EXERCISE REQUIREMENTS:
Please give back, word for word, only the lines starting at the one containing "this 1280×1280 image." and ending at the one containing "this 1600×1200 image." within the material below.

_ _ _ _

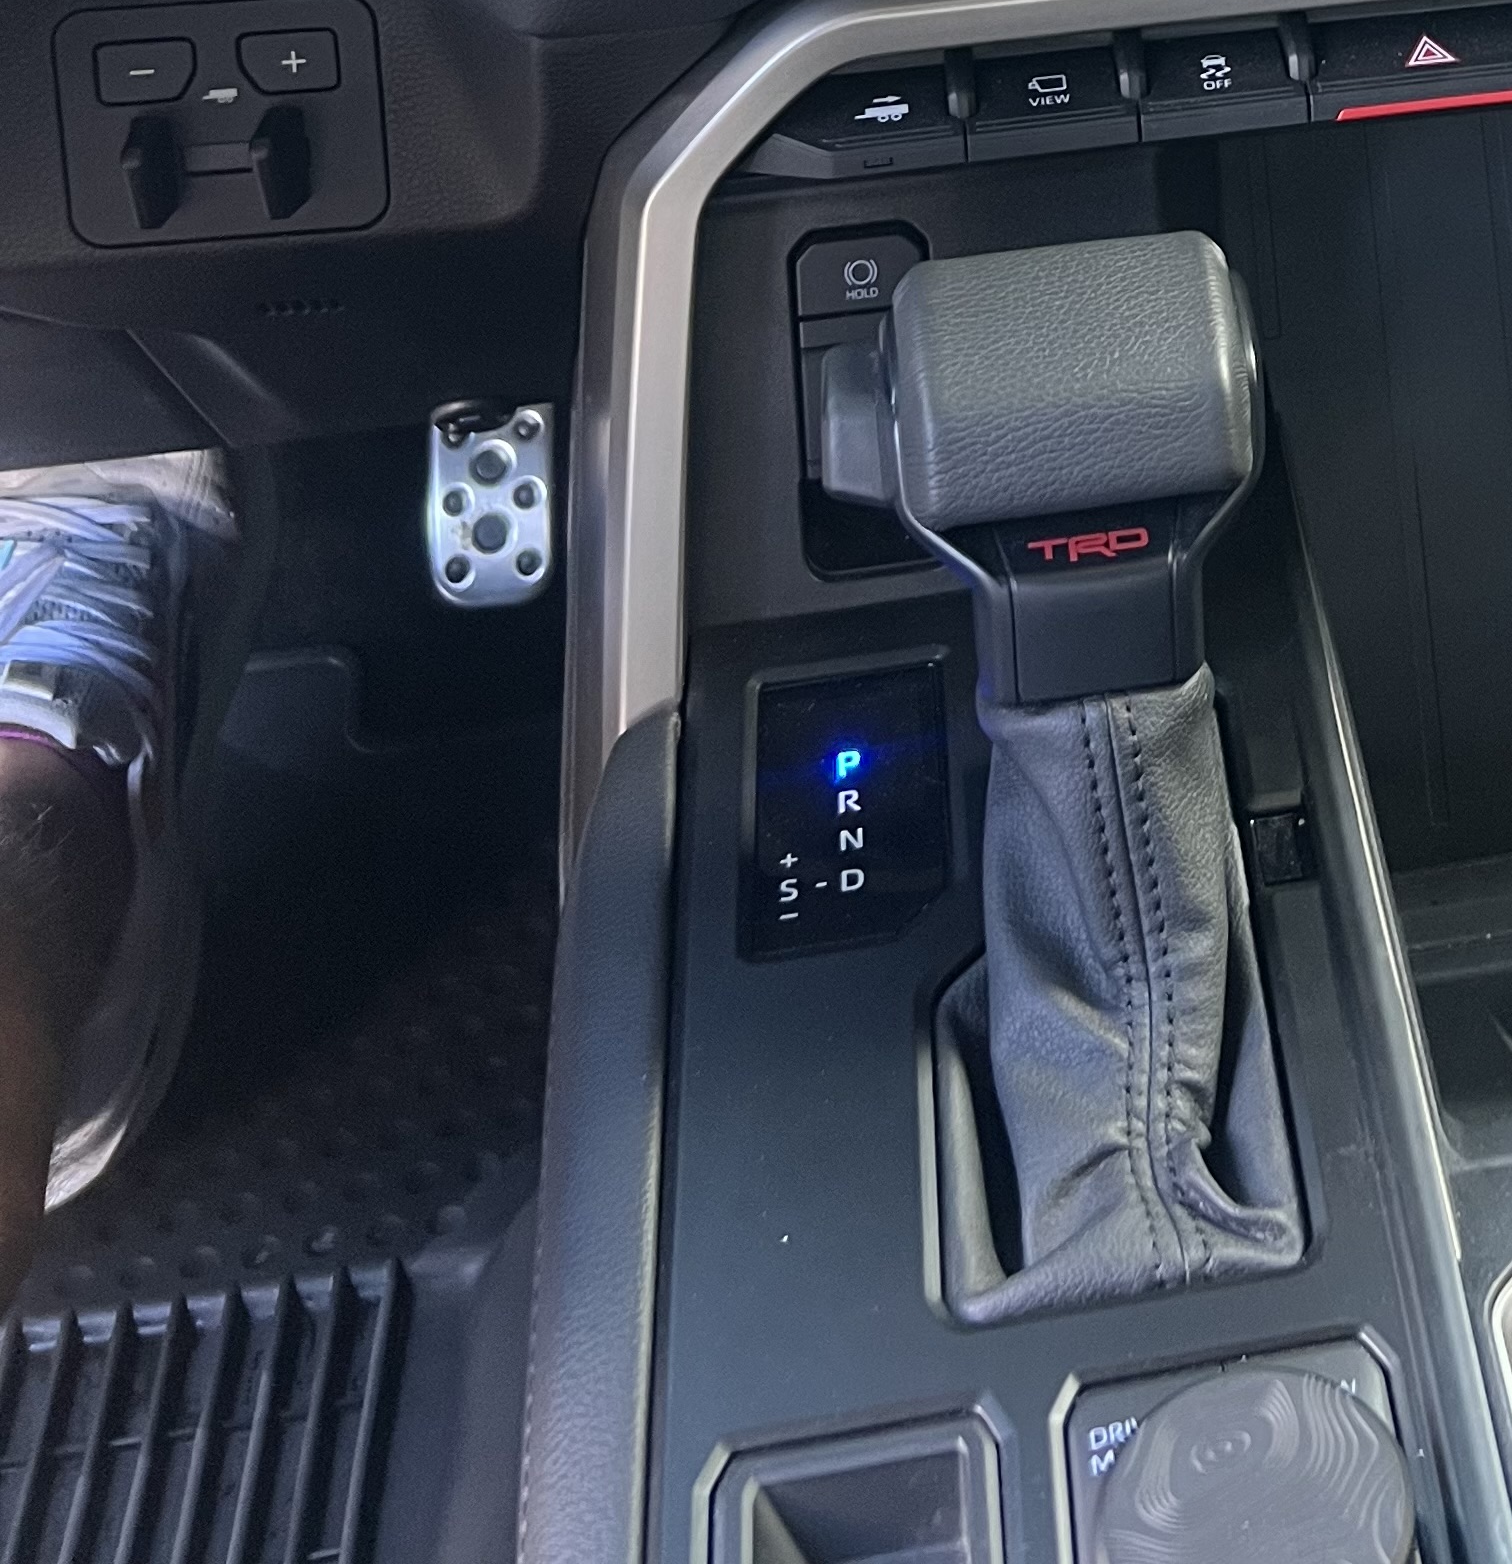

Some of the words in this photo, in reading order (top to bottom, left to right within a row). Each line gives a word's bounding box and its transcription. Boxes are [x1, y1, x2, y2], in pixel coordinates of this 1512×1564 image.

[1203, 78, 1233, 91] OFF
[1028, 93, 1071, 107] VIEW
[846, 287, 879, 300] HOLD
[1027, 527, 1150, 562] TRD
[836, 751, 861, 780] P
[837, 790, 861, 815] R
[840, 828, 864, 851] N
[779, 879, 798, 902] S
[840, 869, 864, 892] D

_ _ _ _

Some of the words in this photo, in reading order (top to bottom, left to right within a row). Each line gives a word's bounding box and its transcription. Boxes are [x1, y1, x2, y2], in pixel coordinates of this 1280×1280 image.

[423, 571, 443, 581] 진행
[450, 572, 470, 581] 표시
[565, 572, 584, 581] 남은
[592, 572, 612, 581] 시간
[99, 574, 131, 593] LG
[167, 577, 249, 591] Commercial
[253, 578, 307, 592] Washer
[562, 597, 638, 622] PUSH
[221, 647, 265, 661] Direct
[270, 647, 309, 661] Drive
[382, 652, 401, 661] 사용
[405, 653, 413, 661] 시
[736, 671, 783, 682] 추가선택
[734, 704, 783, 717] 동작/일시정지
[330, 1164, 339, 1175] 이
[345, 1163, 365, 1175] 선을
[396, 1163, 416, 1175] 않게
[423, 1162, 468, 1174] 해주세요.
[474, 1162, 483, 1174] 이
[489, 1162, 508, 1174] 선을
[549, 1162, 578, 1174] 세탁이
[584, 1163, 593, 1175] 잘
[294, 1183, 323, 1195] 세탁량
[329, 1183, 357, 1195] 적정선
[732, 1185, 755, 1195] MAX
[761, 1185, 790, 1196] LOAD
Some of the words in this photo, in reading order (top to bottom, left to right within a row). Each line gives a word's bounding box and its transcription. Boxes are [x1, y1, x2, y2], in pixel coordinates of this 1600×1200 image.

_ _ _ _

SOLUTION TO THE EXERCISE:
Some of the words in this photo, in reading order (top to bottom, left to right within a row). Each line gives a word's bounding box and its transcription. Boxes are [x1, y1, x2, y2], in pixel coordinates of this 1280×1280 image.

[423, 571, 443, 581] 진행
[450, 572, 470, 581] 표시
[565, 572, 584, 581] 남은
[592, 572, 612, 581] 시간
[99, 574, 131, 593] LG
[167, 577, 249, 591] Commercial
[253, 578, 307, 592] Washer
[562, 597, 638, 622] PUSH
[221, 647, 265, 661] Direct
[270, 647, 309, 661] Drive
[382, 652, 401, 661] 사용
[405, 653, 413, 661] 시
[736, 671, 783, 682] 추가선택
[734, 704, 783, 717] 동작/일시정지
[330, 1164, 339, 1175] 이
[345, 1163, 365, 1175] 선을
[396, 1163, 416, 1175] 않게
[423, 1162, 468, 1174] 해주세요.
[474, 1162, 483, 1174] 이
[489, 1162, 508, 1174] 선을
[549, 1162, 578, 1174] 세탁이
[584, 1163, 593, 1175] 잘
[294, 1183, 323, 1195] 세탁량
[329, 1183, 357, 1195] 적정선
[732, 1185, 755, 1195] MAX
[761, 1185, 790, 1196] LOAD
Some of the words in this photo, in reading order (top to bottom, left to right within a row). Each line gives a word's bounding box and its transcription. Boxes are [x1, y1, x2, y2], in pixel coordinates of this 1600×1200 image.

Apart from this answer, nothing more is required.